Lessons for the United States?

On September 17th 2006 just two months after the ill-conceived Israeli attack on Lebanon which started on July 17th, the Israeli Government appointed a governmental commission to investigate what went wrong.

Seven months later on April 30th 2007 the commission presented a damning preliminary report focusing solely on the decision making process between the time Israel unilaterally pulled out of their occupation of Southern Lebanon on the instigation of the then Prime Minister Barak and the date of the abduction of the Israeli soldiers by Hezbollah on July 12th 2006 plus the five days it took to decide to move into war on that fateful July 17th date.

A final report was promised for the fall of 2007 but no date has been set for its release for reasons that are not relevant to this analysis.

The question posed was whether the report had any lessons that might be of value to the United States.

The first and most obvious answer was that unlike many similar commission reports produced in the United States the Winograd Commission was unanimous for one obvious reason in that it was not bipartisan it was non partisan. It consisted of a retired respected justice, a law professor, a political science professor and two retired generals. Thus there was not the usual political infighting common in such an enterprise.
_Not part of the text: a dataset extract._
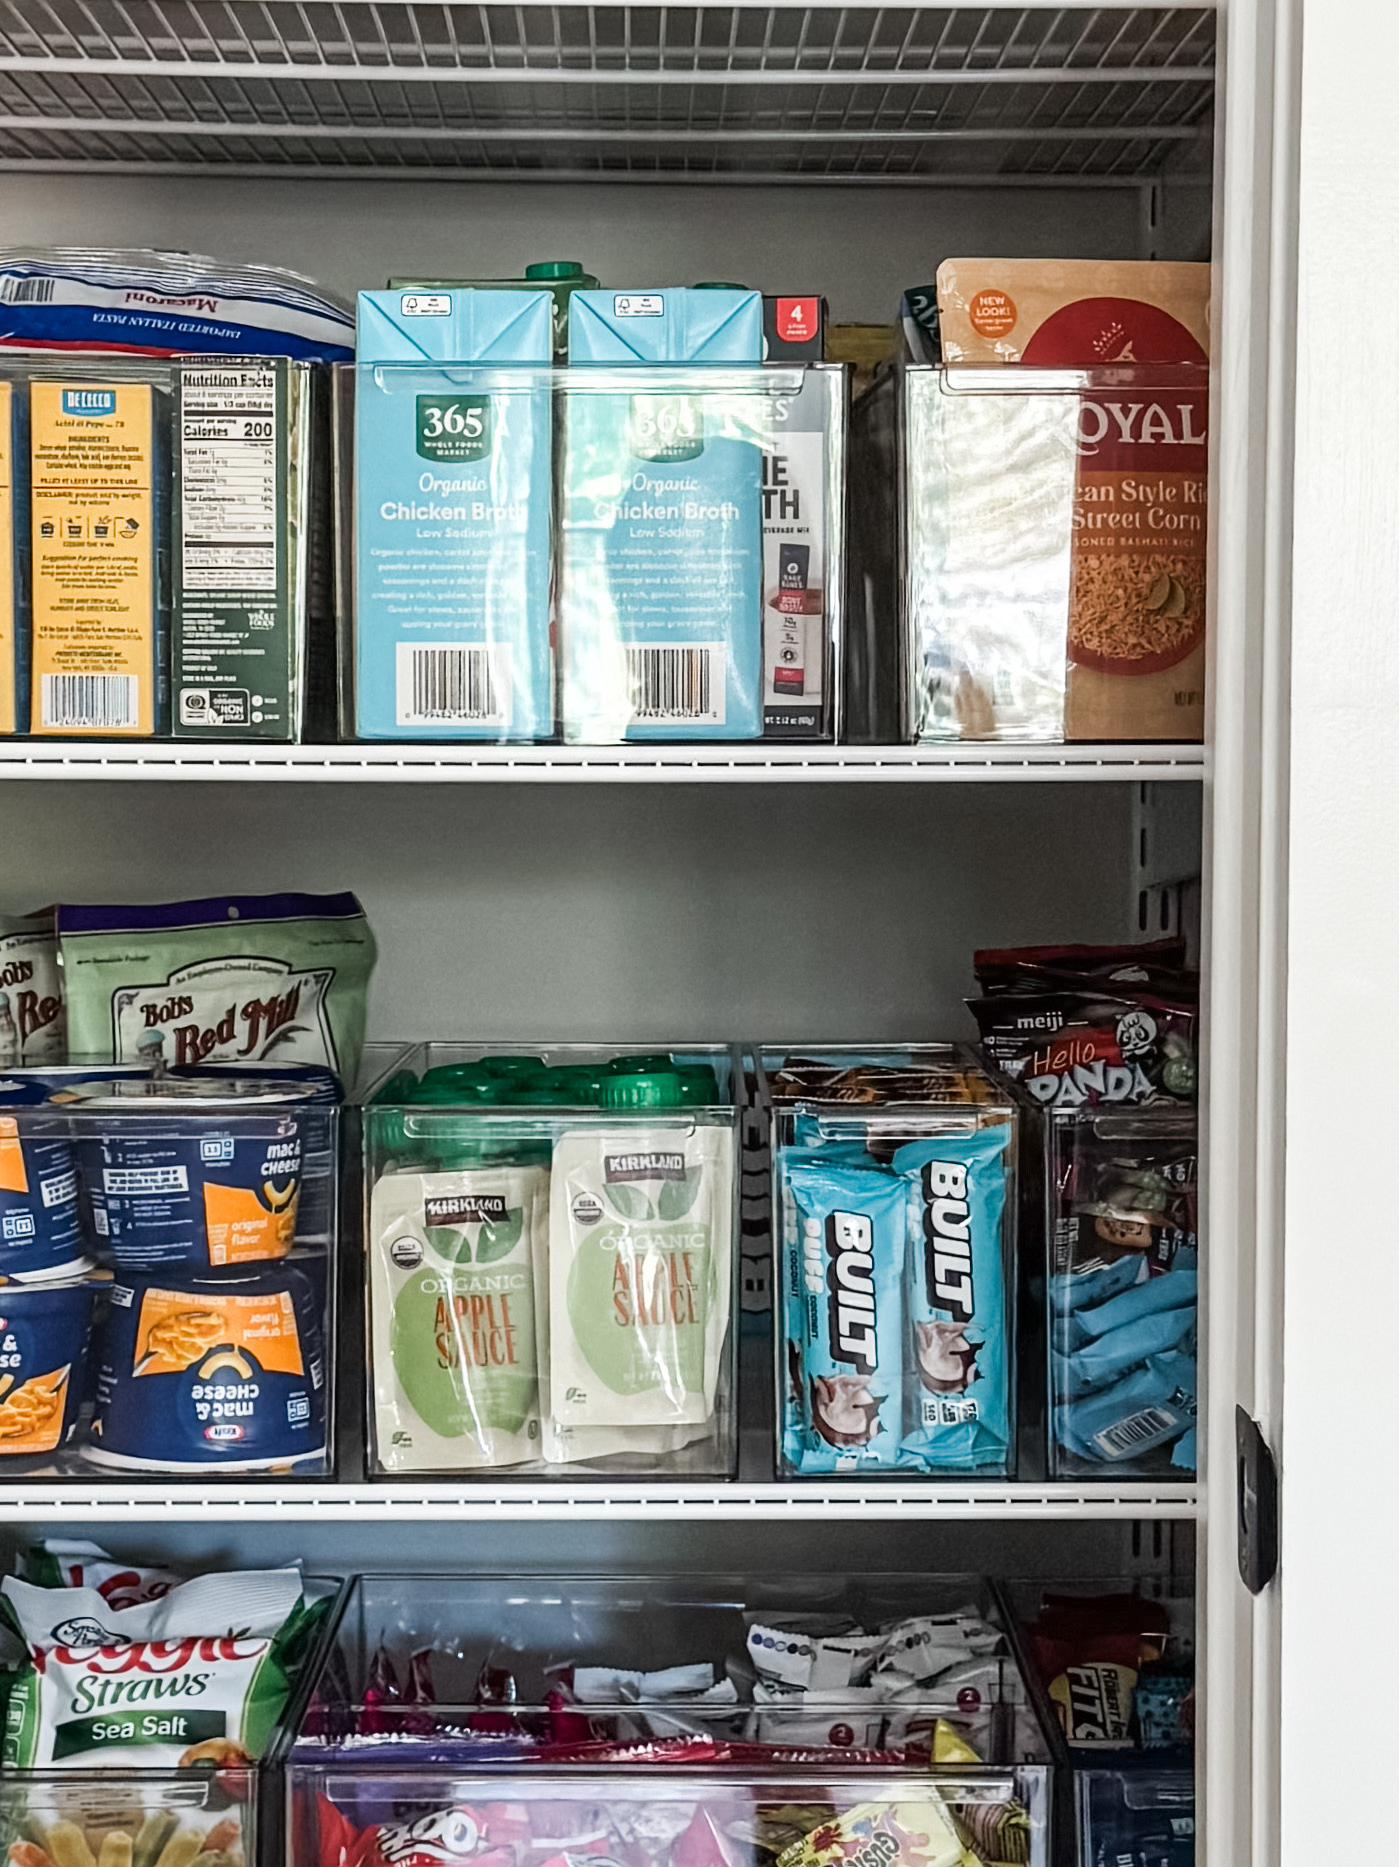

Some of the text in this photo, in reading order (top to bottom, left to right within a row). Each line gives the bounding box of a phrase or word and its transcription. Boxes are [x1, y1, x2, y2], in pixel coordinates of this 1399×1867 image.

Compare that to the theater that is the United States Congress where partisanship appears to be more important that patriotism.

Another important lesson especially for many members of Congress is that they should not blindly support the actions of the Israeli Government (that also applies to the US administration). Long gone are the days when the US can rely upon the common sense, efficiency and wisdom of any of its allies. THAT is especially true when it comes to Iraq. To make foreign policy relying completely on the competence of ones allies is a recipe for disaster.

Whilst the Winograd Commission was brave and scathing in its criticism of the three major actors in the war, Prime Minister Olmert, Defence Minister Peretz and Chief of Staff Halutz it made one major mistake which it may have come to regret. It believed that after such harsh words no politician would have the chutzpa to remain in office. That was the one downside of not having a politician on the commission. They failed to recognize the lack of shame and honour that is common in the political class and did not explicitly call for Olmert’s resignation.

We have seen how lack of accountability is rife in Washington and any commission appointed in the United States must not be shy in calling for heads to roll.

But the greatest lesson to be learned from Winograd and the abject failure of not just the present Israeli administration but past ones also, is the ostrich like tendency to avoid facing obvious dangers as they start to appear.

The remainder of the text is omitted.